Task requirements –
All of the listing is to be written out word for word, with the pictures left out.
Content starts
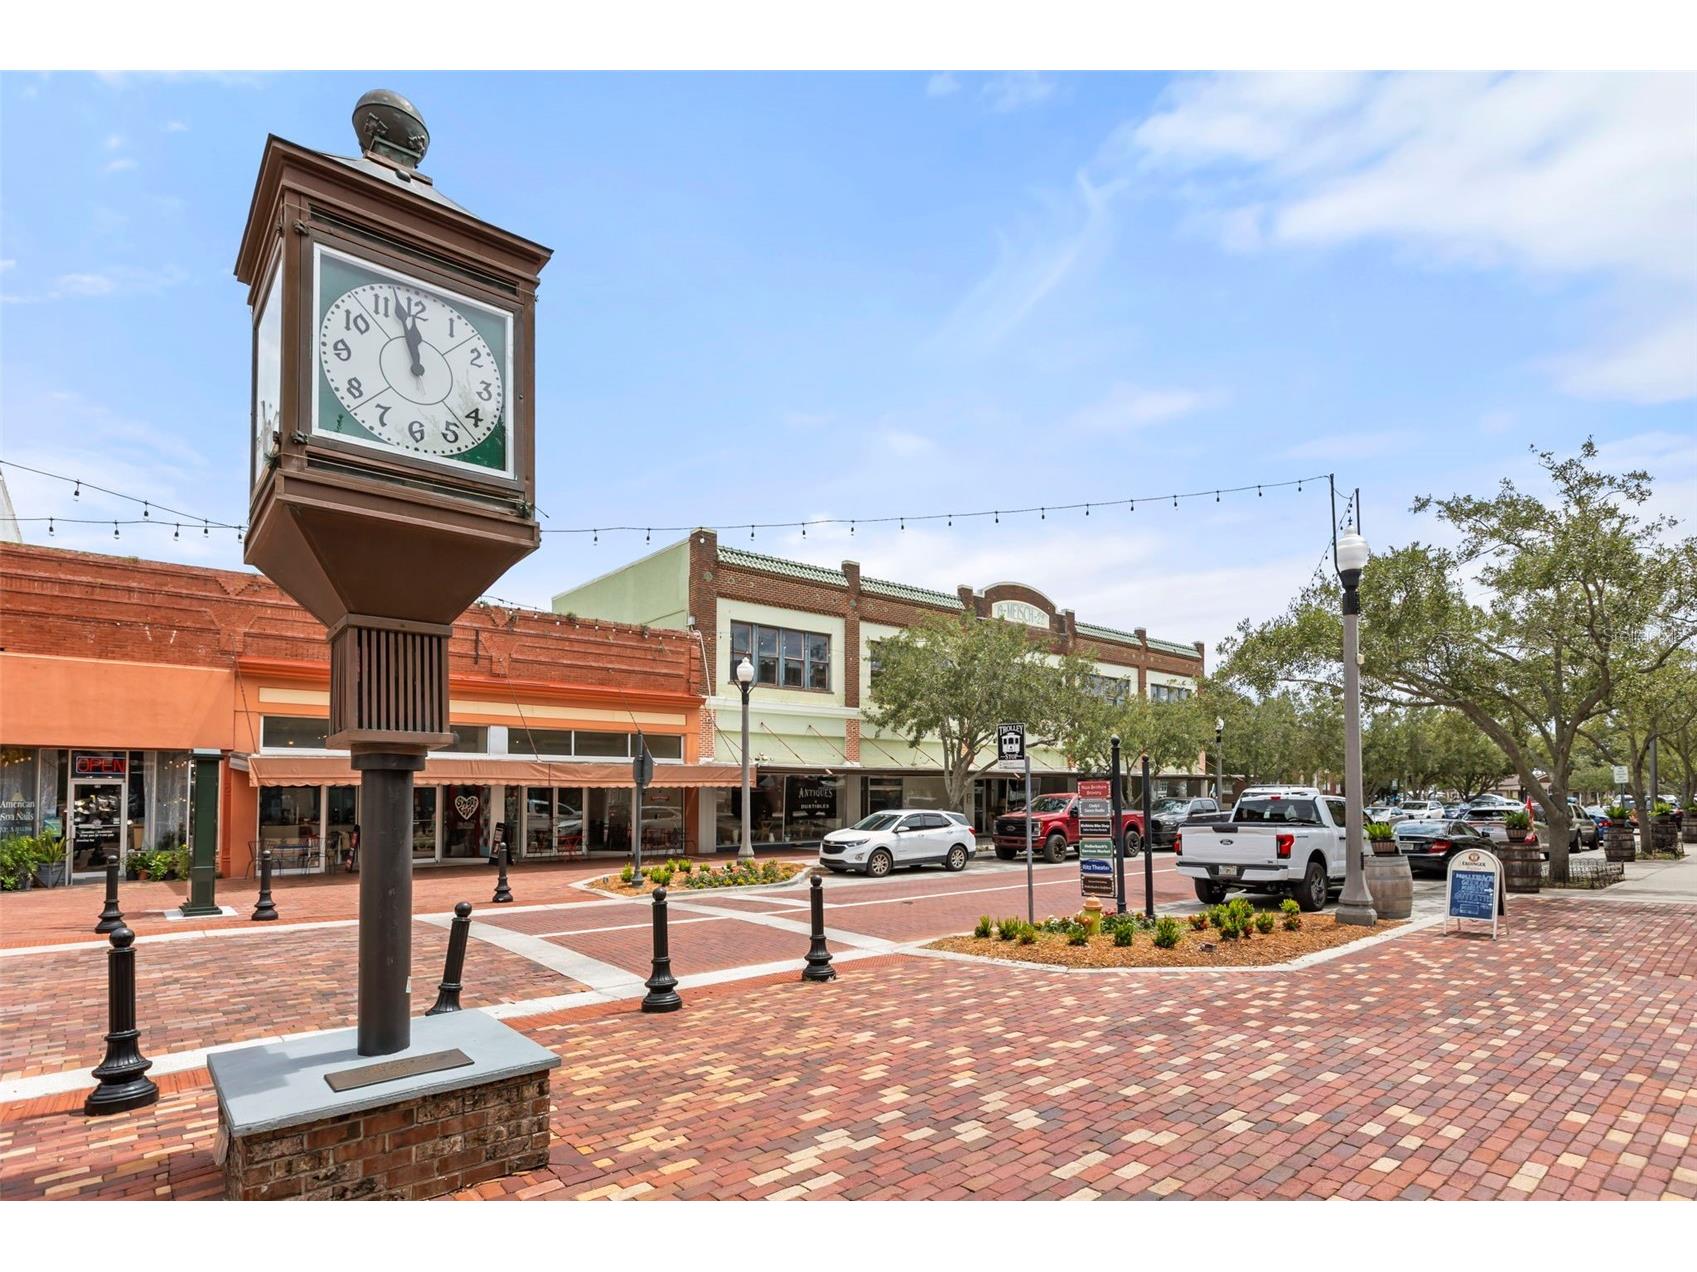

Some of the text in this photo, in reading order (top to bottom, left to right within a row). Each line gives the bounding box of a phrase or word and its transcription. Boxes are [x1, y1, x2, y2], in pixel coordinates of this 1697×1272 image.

[373, 293, 389, 318] 11
[407, 296, 429, 321] 12
[344, 308, 370, 335] 10
[449, 317, 455, 338] 1
[333, 338, 351, 361] 9
[470, 347, 484, 368] 2
[346, 376, 363, 399] 8
[476, 380, 492, 401] 3
[375, 403, 392, 427] 7
[465, 407, 484, 428] 4
[408, 420, 425, 443] 6
[441, 421, 460, 444] 5
[999, 725, 1023, 736] TROLLEY
[77, 758, 126, 773] OPEN
[798, 786, 833, 799] ANTIQUES
[0, 800, 35, 809] American
[0, 811, 34, 822] Spa Nails
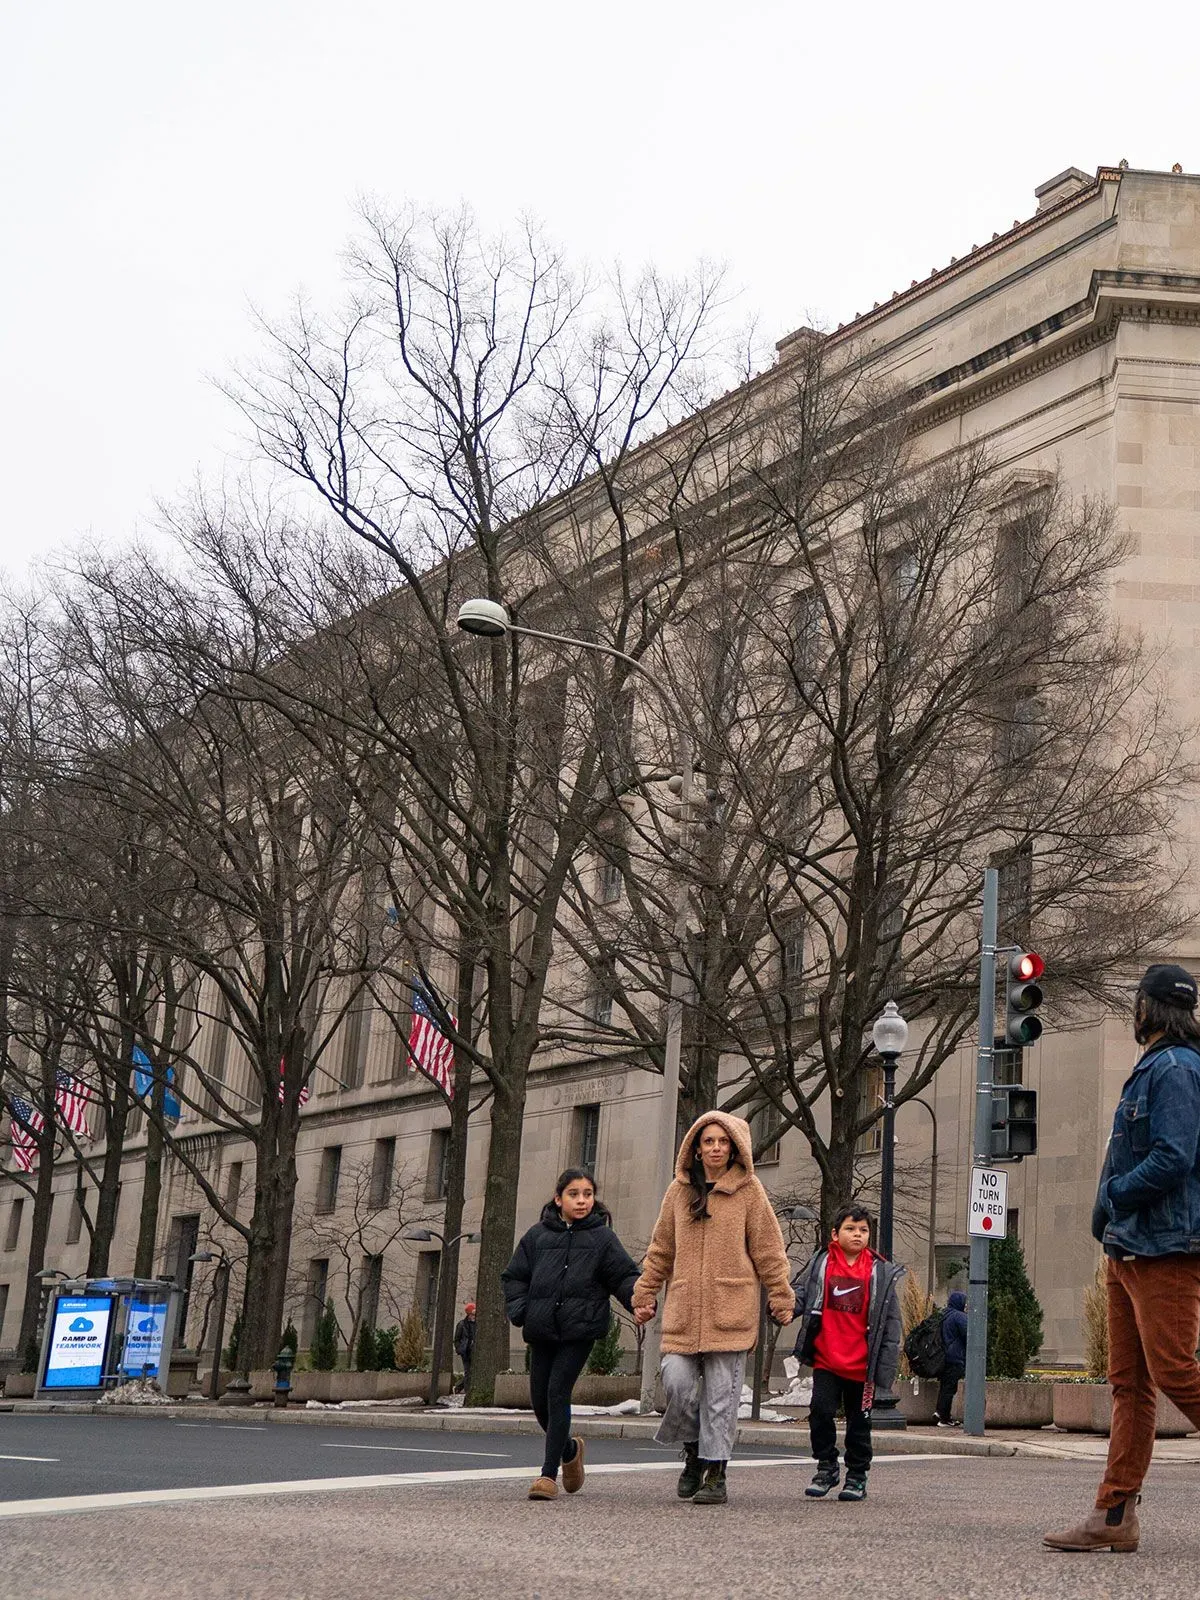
Content ends
Answer area –
Some of the text in this photo, in reading order (top to bottom, left to right within a row). Each line gives the bounding box of a phrase or word and its transcription. Boxes are [x1, y1, x2, y2], in pixel coordinates of this 1697×1272 image.

[373, 293, 389, 318] 11
[407, 296, 429, 321] 12
[344, 308, 370, 335] 10
[449, 317, 455, 338] 1
[333, 338, 351, 361] 9
[470, 347, 484, 368] 2
[346, 376, 363, 399] 8
[476, 380, 492, 401] 3
[375, 403, 392, 427] 7
[465, 407, 484, 428] 4
[408, 420, 425, 443] 6
[441, 421, 460, 444] 5
[999, 725, 1023, 736] TROLLEY
[77, 758, 126, 773] OPEN
[798, 786, 833, 799] ANTIQUES
[0, 800, 35, 809] American
[0, 811, 34, 822] Spa Nails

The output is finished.